Bayou Steel Corp. reported net income of $5.1 million on sales of $62.1 million for the second quarter (ending March 31, 2005) of fiscal 2005.

Bayou Steel emerged from bankruptcy effective February 18, 2004. For accounting purposes, financial statements for periods after February 18, 2004 are not directly comparable to periods prior to February 18, 2004 (the Predecessor Company).

Among other changes, when Bayou Steel emerged from bankruptcy, there were substantial reductions in its debt as well as revaluations of assets and other liabilities.

The second quarter and year-to-date periods of fiscal 2004 reflect both the company's and Predecessor Company's results, rendering the traditional comparison of net income with fiscal 2005 less useful.

Second Quarter Results — The $5.1 million net income equates to $2.50 per fully diluted share. Sales of $62.1 million compare to sales of $60.2 million for the comparable prior-year quarter. The increase in sales was entirely due to a $126 per ton increase in selling price (to $532 per ton).

The selling price increase has generally been related to sharply escalating prices for scrap and increasing prices for alloys and fuel during fiscal 2004. The company was successful during the period in passing through several price increases for its products, offsetting higher scrap and additive costs, and increasing gross margin by $75 per ton.

Year-to-Date Results — Net income of $9.3 million equates to $4.60 per fully diluted share for the first six months.

Jerry M. Pitts, President and CEO, commented, "Operating income in the second quarter of fiscal year 2005 has increased significantly as compared to the prior year quarter and was one of the best quarters in the company's history. Strong margins contributed to the growth of earnings. Given the challenges of the last four years in the steel industry, it is especially pleasing to see the market continue to support healthy margins while demand has softened."

Mr. Pitts continued, "In December, we successfully achieved a much needed shutdown in the manufacturing plants to conduct equipment maintenance that was partially deferred due to limited funds during the Company's bankruptcy. Since the start-up, our production and efficiencies have increased in both our Louisiana and Tennessee plants. For example, productivity in our melt shop increased by 17% in the second quarter as compared to the immediate preceding quarter in which we took the shutdown. These improvements will enable us to better control costs and capitalize on favorable market conditions. In December, we opened a remote scrap processing location. Our ferrous and non-ferrous operations are expanding according to plan. We expect this facility to provide the Louisiana plant with additional scrap metal and replace more costly purchased scrap."

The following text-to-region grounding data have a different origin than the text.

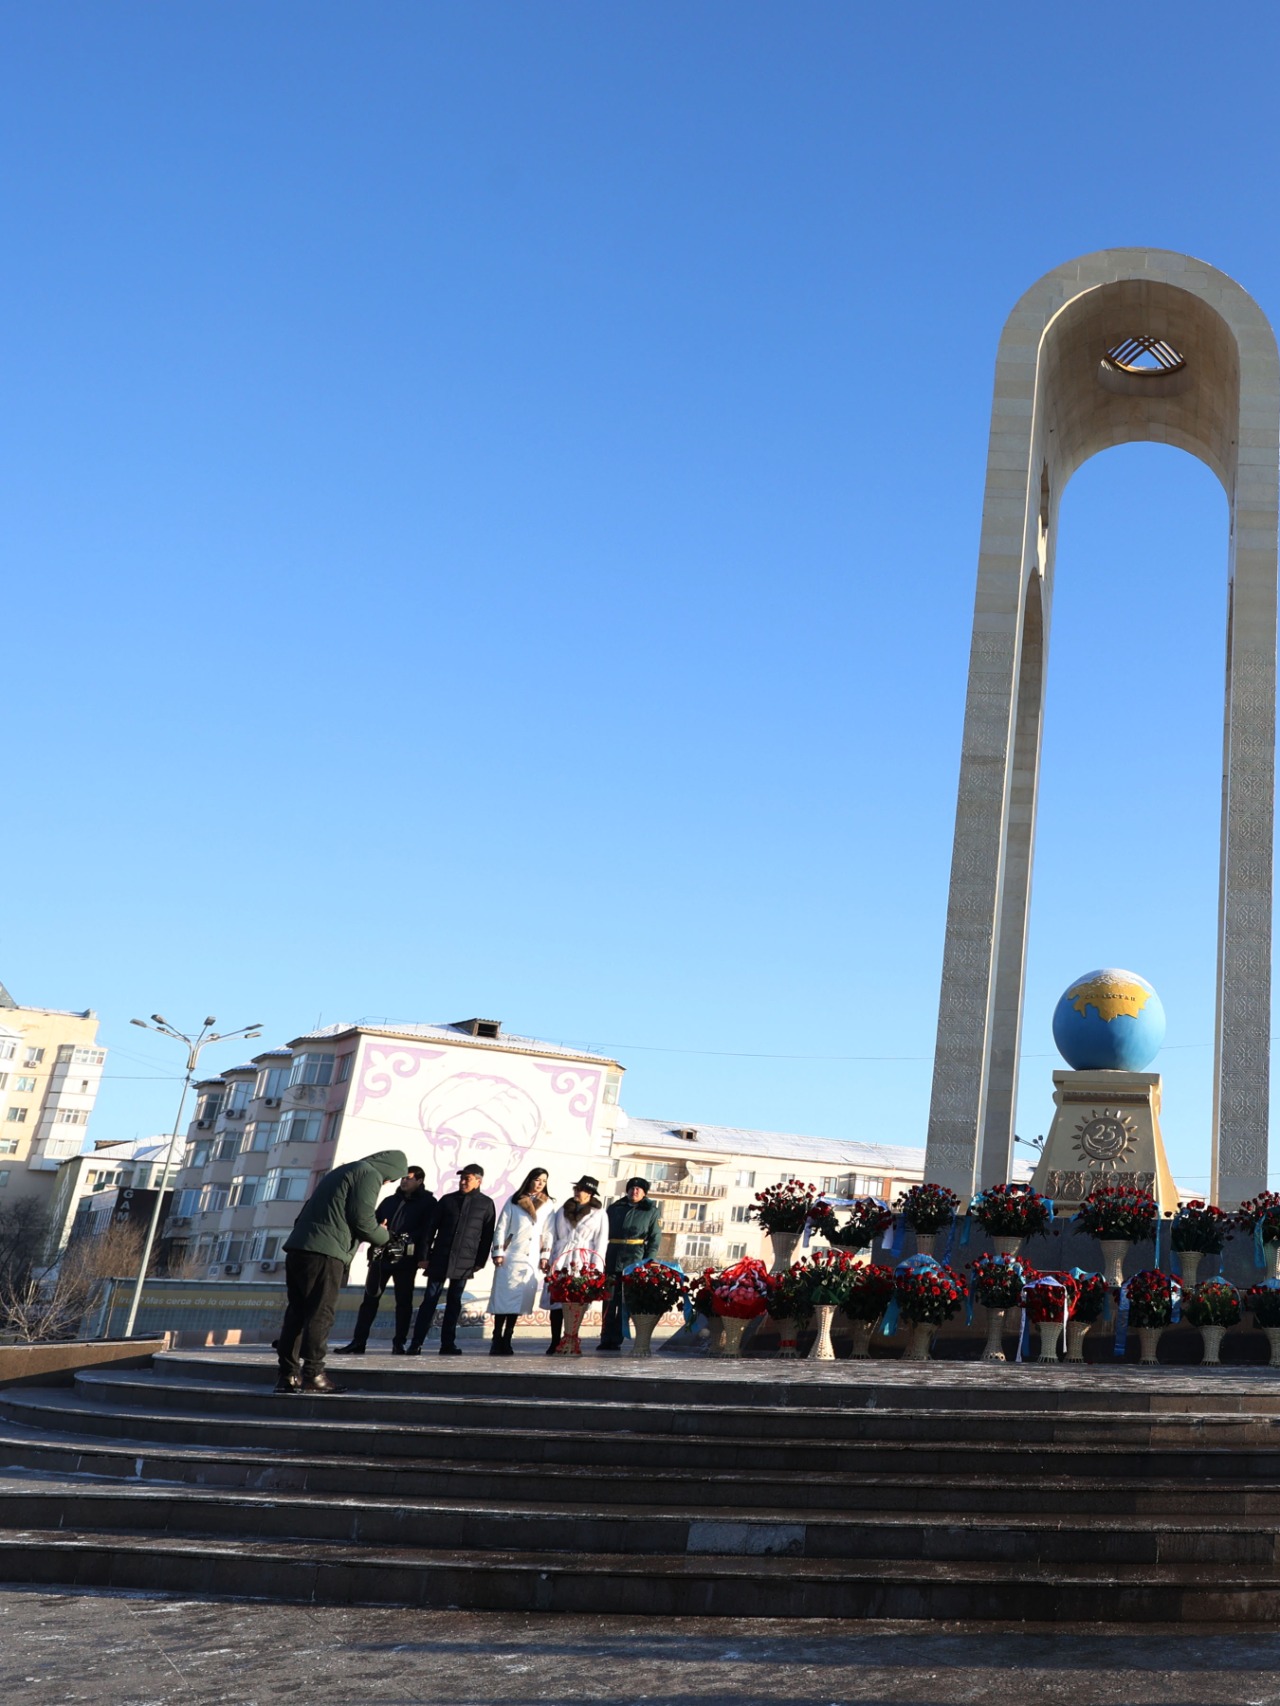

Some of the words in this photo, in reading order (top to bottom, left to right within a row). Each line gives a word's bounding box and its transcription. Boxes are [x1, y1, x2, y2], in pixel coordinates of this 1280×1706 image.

[1093, 1124, 1116, 1141] 25
[194, 1297, 206, 1305] de
[208, 1297, 217, 1306] lo
[218, 1299, 236, 1307] que
[238, 1298, 263, 1306] usted
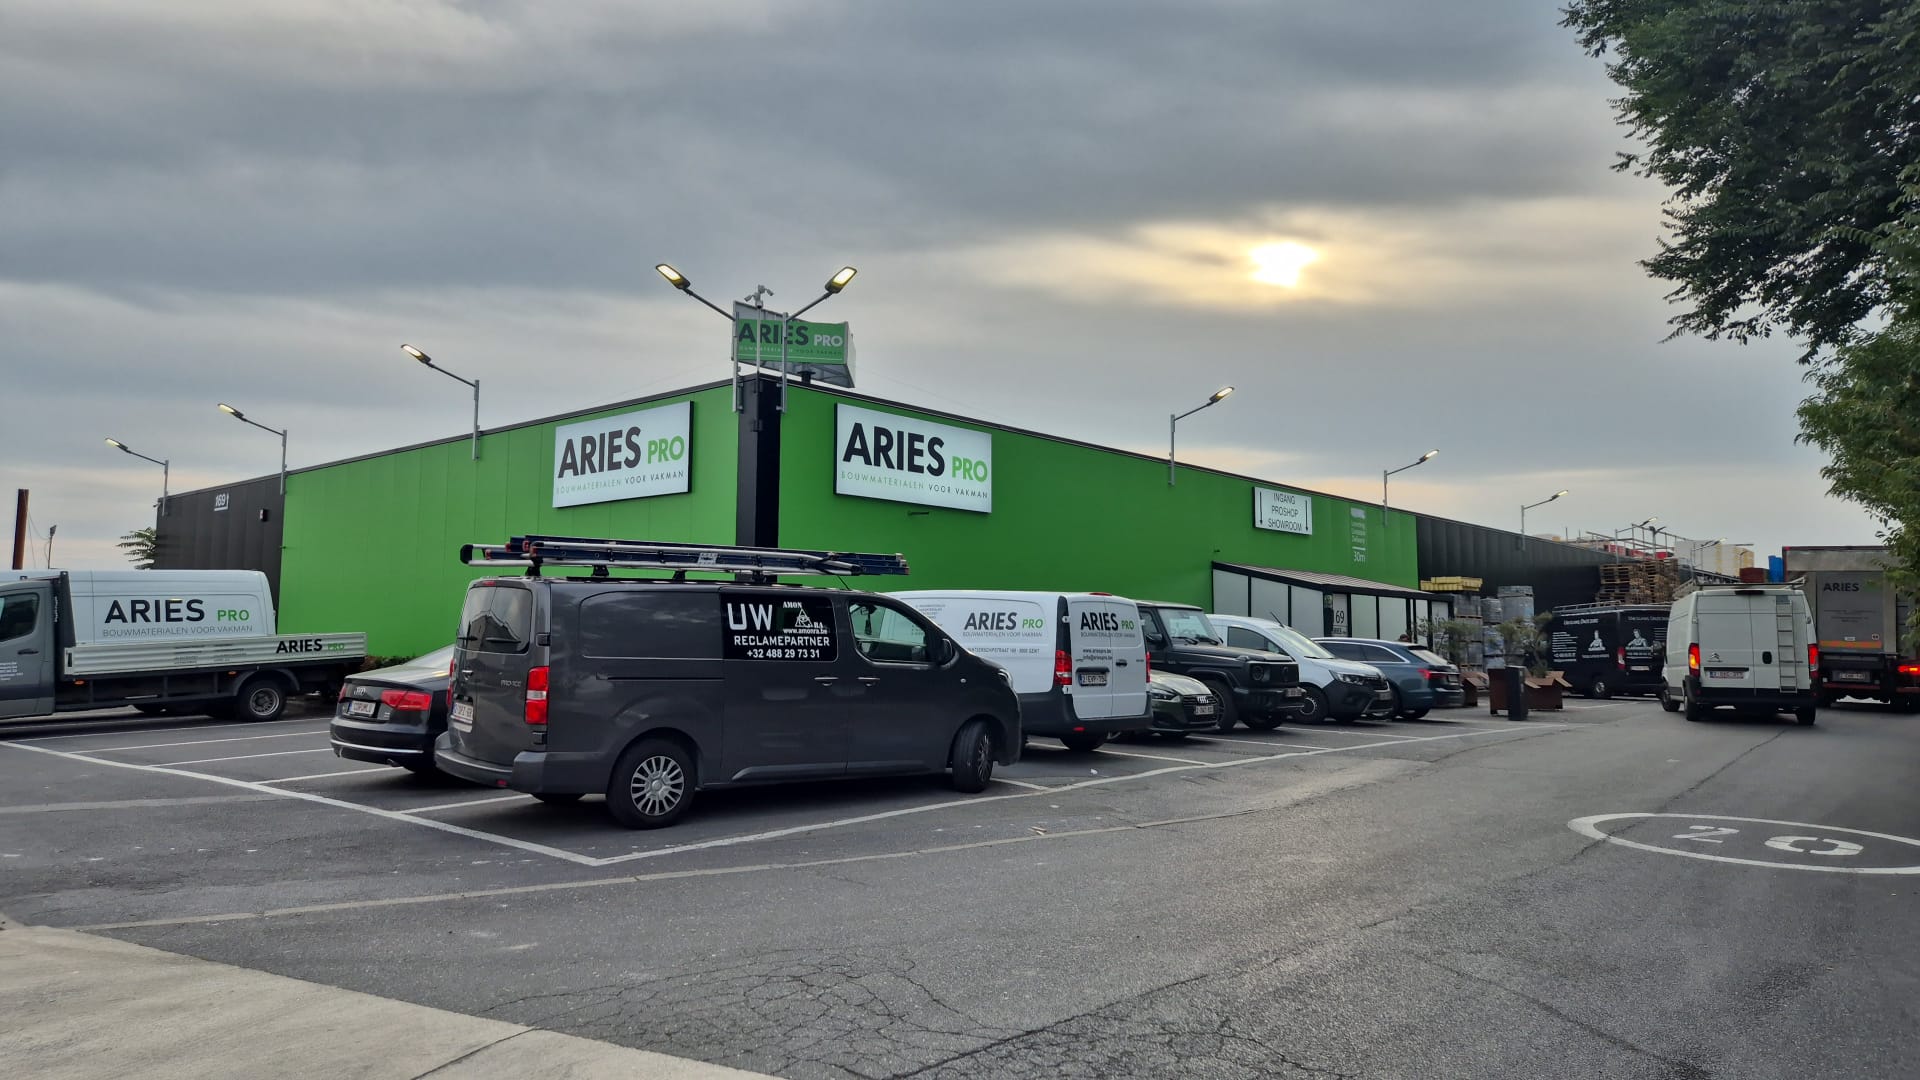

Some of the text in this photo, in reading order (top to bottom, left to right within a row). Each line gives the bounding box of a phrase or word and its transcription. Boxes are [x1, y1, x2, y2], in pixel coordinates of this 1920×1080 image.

[738, 323, 843, 347] ARIES PRO
[558, 426, 685, 478] ARIES PRO
[842, 422, 988, 483] ARIES PRO
[555, 470, 684, 495] BOUWMATERIALEN VOOR VAKMAN
[841, 471, 988, 499] BOUWMATERIALEN VOOR VAKMAN
[1273, 492, 1296, 505] INGANG
[1271, 505, 1299, 518] PROSHOP
[1268, 518, 1303, 532] SHOWROOM
[1823, 582, 1860, 592] ARIES
[104, 599, 250, 624] ARIES PRO
[782, 601, 803, 609] AMON
[727, 603, 773, 631] UW
[964, 612, 1044, 631] ARIES PRO
[1080, 611, 1135, 631] ARIES PRO
[103, 625, 253, 637] BOUWMATERIALEN VOOR VAKMAN
[276, 638, 345, 654] ARIES PRO
[734, 635, 830, 647] RECLAMEPARTNER
[747, 648, 820, 658] +32 488 29 73 31
[1673, 825, 1864, 856] 20
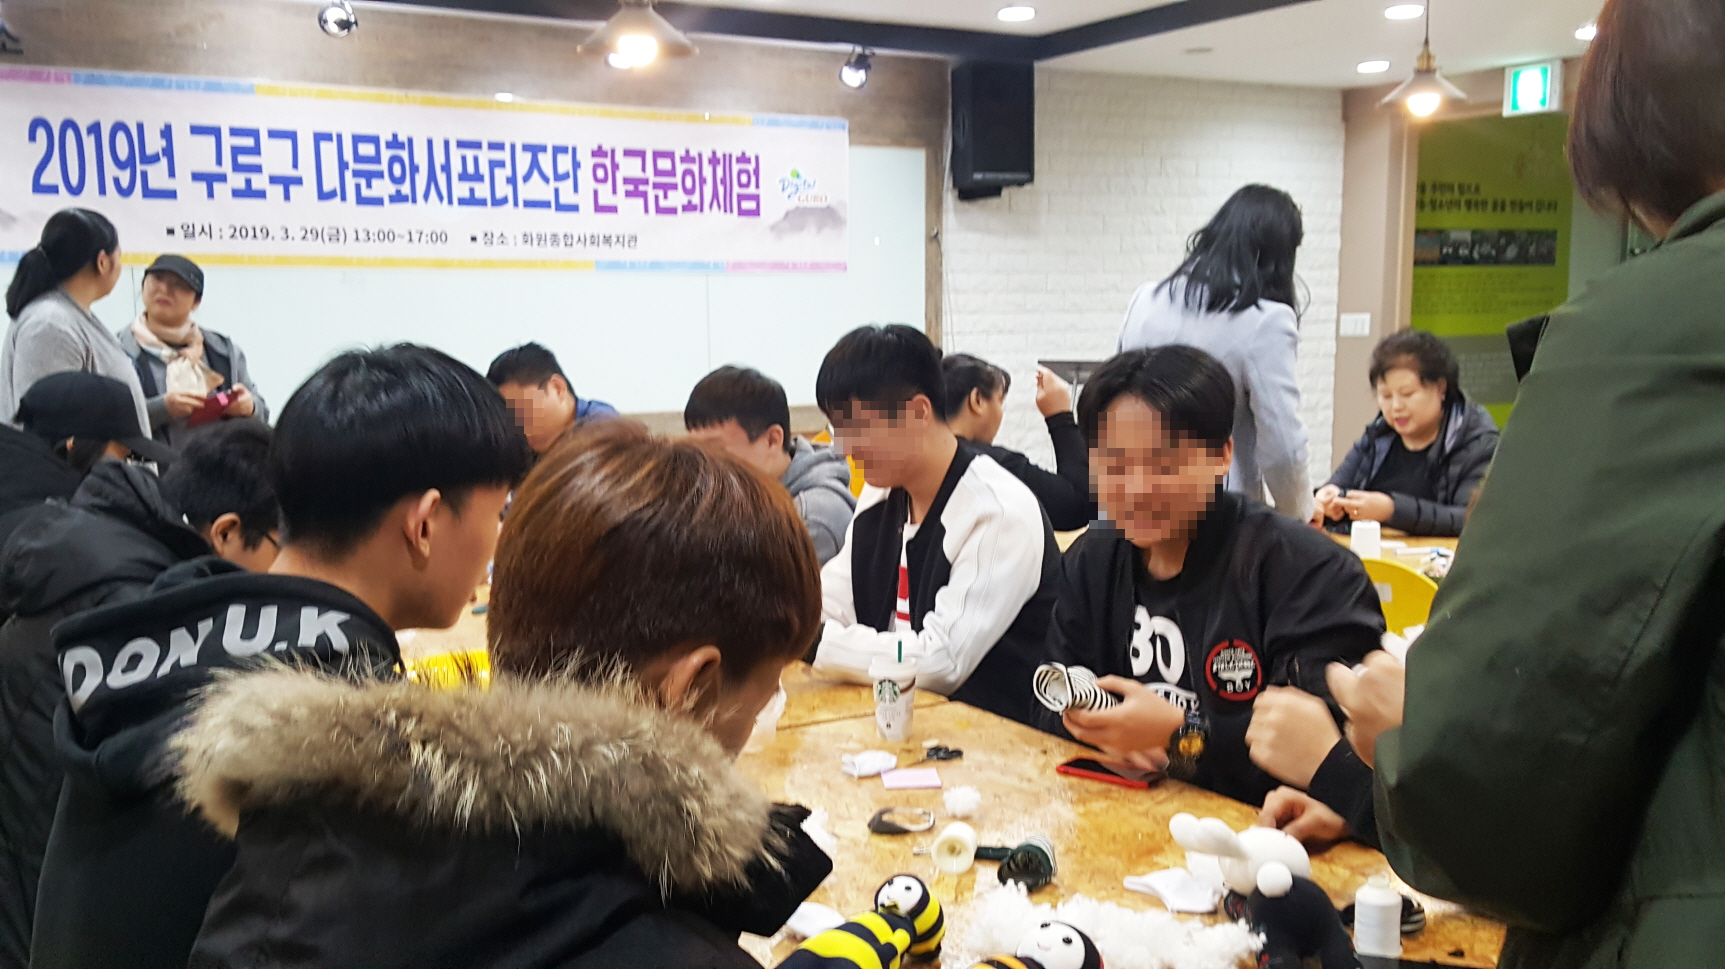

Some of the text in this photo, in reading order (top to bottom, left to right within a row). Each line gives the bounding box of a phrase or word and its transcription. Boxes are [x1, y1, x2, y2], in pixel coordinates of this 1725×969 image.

[28, 116, 761, 217] 2019년 구로구 다문화서포터즈단 한국문화체험
[181, 222, 212, 241] 일시
[229, 224, 275, 241] 2019.
[281, 226, 295, 242] 3.
[300, 226, 347, 245] 29(금)
[353, 228, 448, 244] 13:00~17:00
[482, 232, 509, 247] 장소
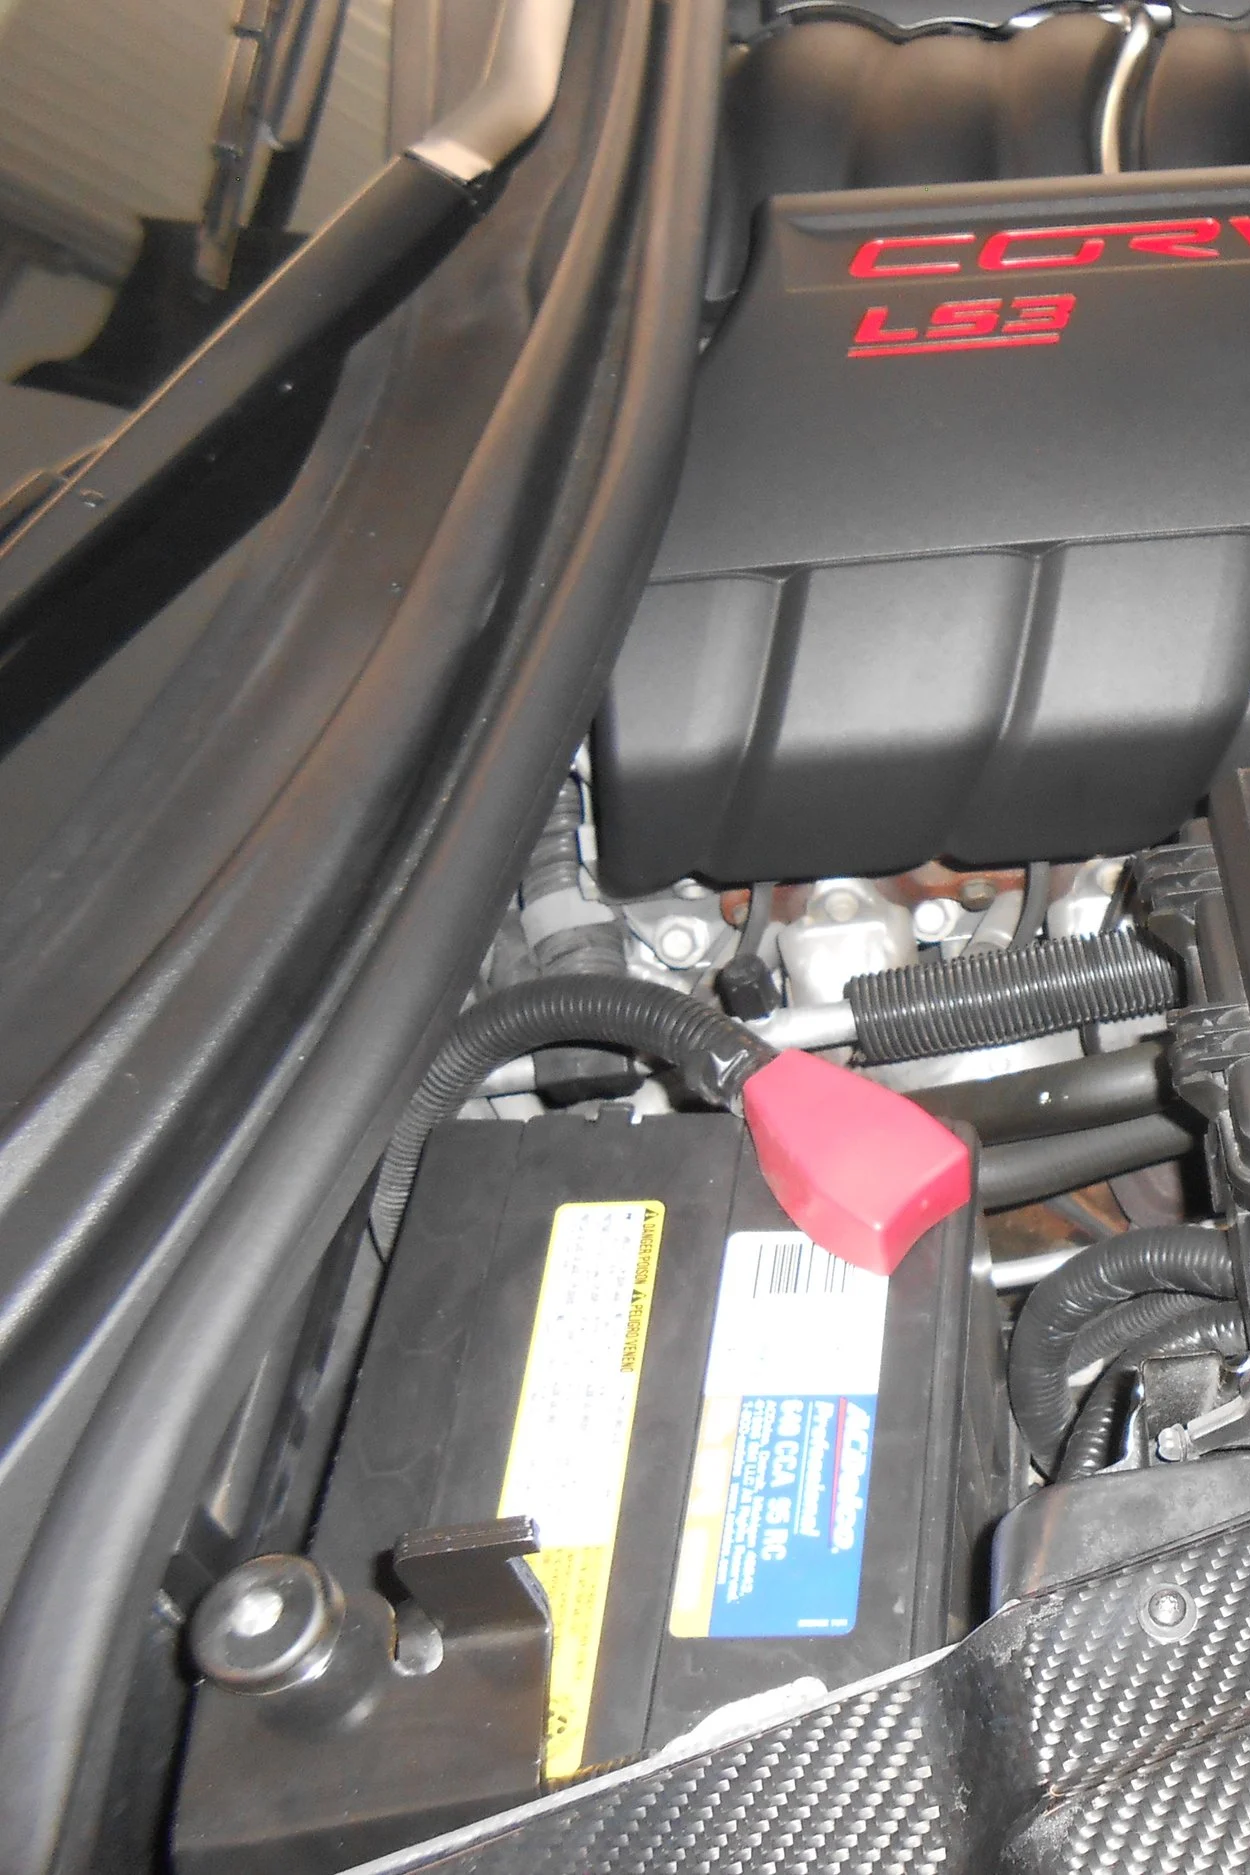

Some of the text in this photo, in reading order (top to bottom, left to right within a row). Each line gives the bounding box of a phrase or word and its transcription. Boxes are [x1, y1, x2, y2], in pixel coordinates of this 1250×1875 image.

[852, 292, 1077, 345] LS3
[770, 1440, 800, 1488] CCA
[799, 1400, 836, 1538] Professional
[832, 1402, 871, 1551] ACDelco
[761, 1528, 789, 1561] RC

Mr. Pitts added, "The decline in scrap pricing and scrap surcharges in recent months has resulted in conservative buying patters by our customers. The quarter also reflected some seasonal weakening in demand. As we anticipated, customers' adjusted inventories and shipments declined. As a result, we have adjusted operations to control our inventories. This may increase per unit fixed costs. Our outlook for the June 2005 quarter, however, is positive with demand remaining steady and margins continuing at high levels."


Bayou Steel Corp. manufacturers light structural and merchant bar products in LaPlace, Louisiana and Harriman, Tenn. The company also operates three stocking locations along the inland waterway system near Pittsburgh, Chicago, and Tulsa.